Recipe: Torta di Zucca from Moneglia, Liguria
Almost the only parts of Thanksgiving dinner I ever liked were the Italian dishes my family made to go with all the American stuff, sausage-stuffed artichokes, breadcrumb-and-herb-stuffed mushrooms, broccoli rabe with fennel seeds and garlic. But I really like cranberry sauce, too, especially the way my mother made it, with lots of orange sections and Triple Sec. Now that I think of it, it tasted very Sicilian.
Every year I try to come up with new Italian dishes to slip into the occasion. Currently I happen to be going through a deep attraction to Italian savory tarts, and recently while searching around for regional ones I didn’t yet know, I came across references to torta di zucca, an excellent-sounding pumpkin torta from Liguria, made in the town of Moneglia for its annual Sagra di Zucca pumpkin festival. It’s flavored with Parmigiano and marjoram, a signature herb in Liguria. I was immediately intrigued.

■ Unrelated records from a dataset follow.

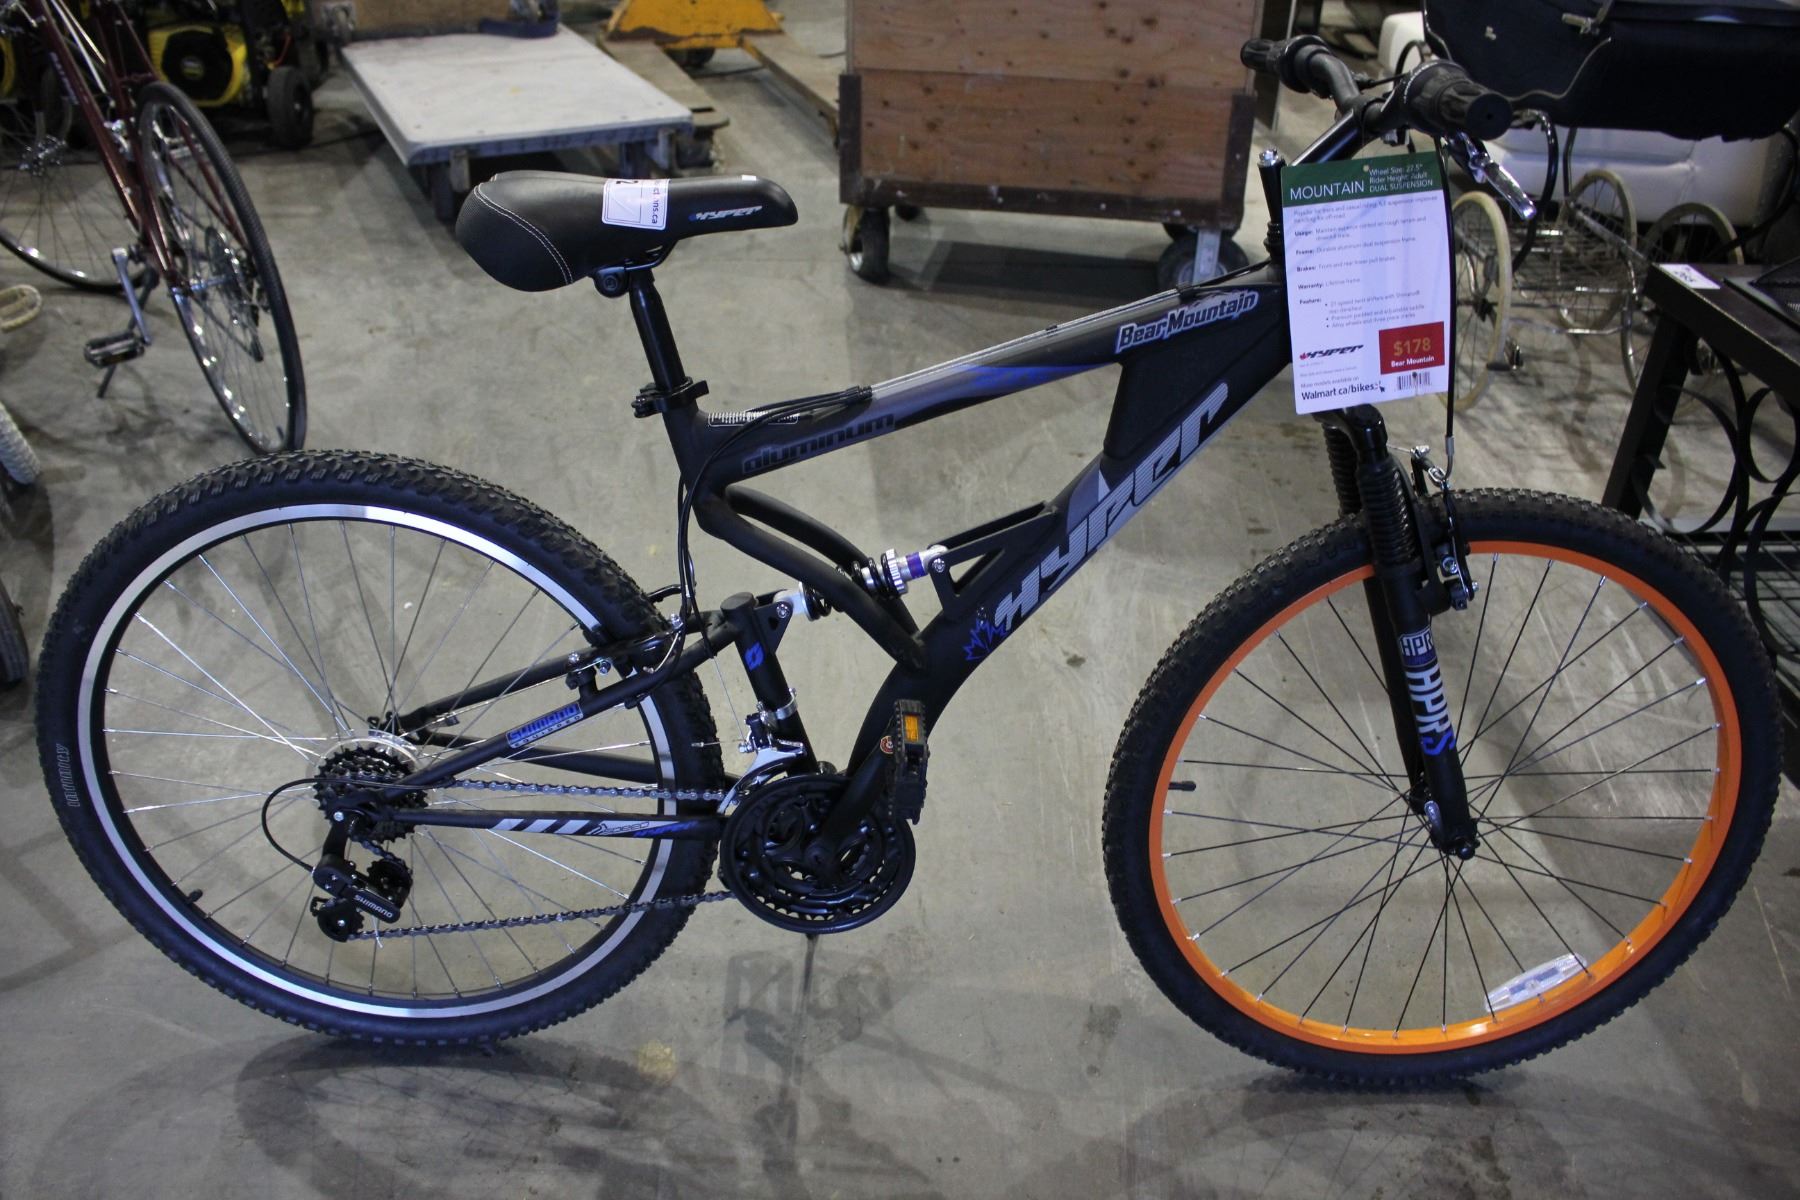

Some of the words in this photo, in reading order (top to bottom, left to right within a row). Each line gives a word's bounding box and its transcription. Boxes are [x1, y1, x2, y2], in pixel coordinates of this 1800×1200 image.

[1290, 180, 1364, 200] MOUNTAIN
[1370, 184, 1388, 192] DUAL
[1390, 179, 1433, 190] SUSPENSION
[1393, 337, 1431, 356] $178
[1407, 355, 1434, 365] Mountain
[995, 383, 1228, 631] HYPER
[1405, 663, 1457, 756] HPRS
[354, 894, 393, 918] SHIMANO

I love the idea of non-sweet, non-pumpkin pie, spiced-up pumpkin. It seems that even in Italy that’s hard to come by. Whenever I’ve had pumpkin-filled ravioli or other pasta it has also contained something sweet, such as amaretto cookies or sugar and cinnamon. I also associate such as pasta with a sage butter sauce, something I very much like, but marjoram struck me as a good change.

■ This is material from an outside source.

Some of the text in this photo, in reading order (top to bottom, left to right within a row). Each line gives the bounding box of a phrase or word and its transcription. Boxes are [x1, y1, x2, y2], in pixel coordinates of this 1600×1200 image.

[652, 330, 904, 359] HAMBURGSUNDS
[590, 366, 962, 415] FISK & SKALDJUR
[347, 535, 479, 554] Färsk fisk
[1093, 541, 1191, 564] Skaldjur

I went about gathering up as many recipes as I could for this fine-sounding torta creation and weighed their pros and cons as I saw them. Never actually having tasted the thing on its home turf, I had to imagine what would make it the best it could be. The recipes varied greatly, so I knew that every cook made it a little differently. One was a double-crusted pie with lots of onion, another included dried porcini mushrooms. In one the pumpkin was baked and puréed; another had it cubed. Some contained garlic, which I immediately nixed. Several were open-face torts with breadcrumbs baked on top. That sounded great, so I went for it, along with marjoram, one of my absolute favorite herbs, and the Parmigiano, both of which were present in every recipe, and I came up with a version that felt right for me. Someday I’ll have to get myself to that Sagra di Zucca in Moneglia, but for now this will have to do. And it really is quite wonderful.
Happy Thanksgiving from your personal Italian cook.
Torta di Zucca from Moneglia, Liguria
For the crust:
2 cups all-purpose flour
1 teaspoon sugar
1 teaspoon salt
⅓ cup extra-virgin olive oil
1/3 cup dry Marsala or dry vermouth
For the filling:
½ a small pumpkin (I used one of those squat, tan cheese pumpkins), you’ll want enough to get about 1½ cups of puree
Extra-virgin olive oil
1 large shallot, minced
A splash of dry Marsala or dry vermouth
Freshly ground black pepper
2 jumbo eggs, at room temperature, lightly whisked
½ cup whole milk ricotta, drained if watery
¾ cup freshly grated Parmigiano Reggiano cheese
A handful of lightly toasted pine nuts
6 marjoram sprigs, leaves lightly chopped, plus a little extra for garnish if you like
¼ teaspoon ground nutmeg
½ cup homemade breadcrumbs, not too finely ground
You’ll want a 9-inch tart pan with a removable bottom.
To make the crust: Put the flour in a large bowl. Sprinkle on the sugar and salt, and mix it around. In a small bowl, mix the olive oil with the Marsala. Pour this over the flour, and mix with a wooden spoon until you have a sticky mass of dough balls. Tilt it out onto a work space, very briefly give it a few kneads, and then press it together into a ball. Wrap it in plastic, and let it sit, unrefrigerated, about an hour.
Preheat the oven to 400 degrees.
Remove the seeds from the pumpkin half. Drizzle it with a little olive oil, and wrap it in aluminum foil. Place it on a sheet pan, and bake until it’s tender when poked with a knife, about 40 minutes or so.
When the pumpkin is cool enough to handle, scoop out the insides into a bowl, measuring out 1½ packed cups.
In a small skillet, heat 2 tablespoons of olive oil, and sauté the shallot until it’s soft. Add a tiny splash of Marsala to loosen up cooked-on bits, and pour the mix over the pumpkin. Add all the other ingredients for the filling, except the breadcrumbs, and mix well. Taste for seasoning.
Toss the breadcrumbs with a tablespoon or so of olive oil, and season them lightly with salt and black pepper.
Roll out the dough, and drape it into the tart pan, trimming any overhang. Build the sides up a bit with your fingers so it sticks out a little from the rim.
Pour the filling into the dough, and smooth down the top. Sprinkle with the breadcrumbs.
Bake at 400 degrees until the crust is lightly browned and the filling is firm and golden, about 40 minutes.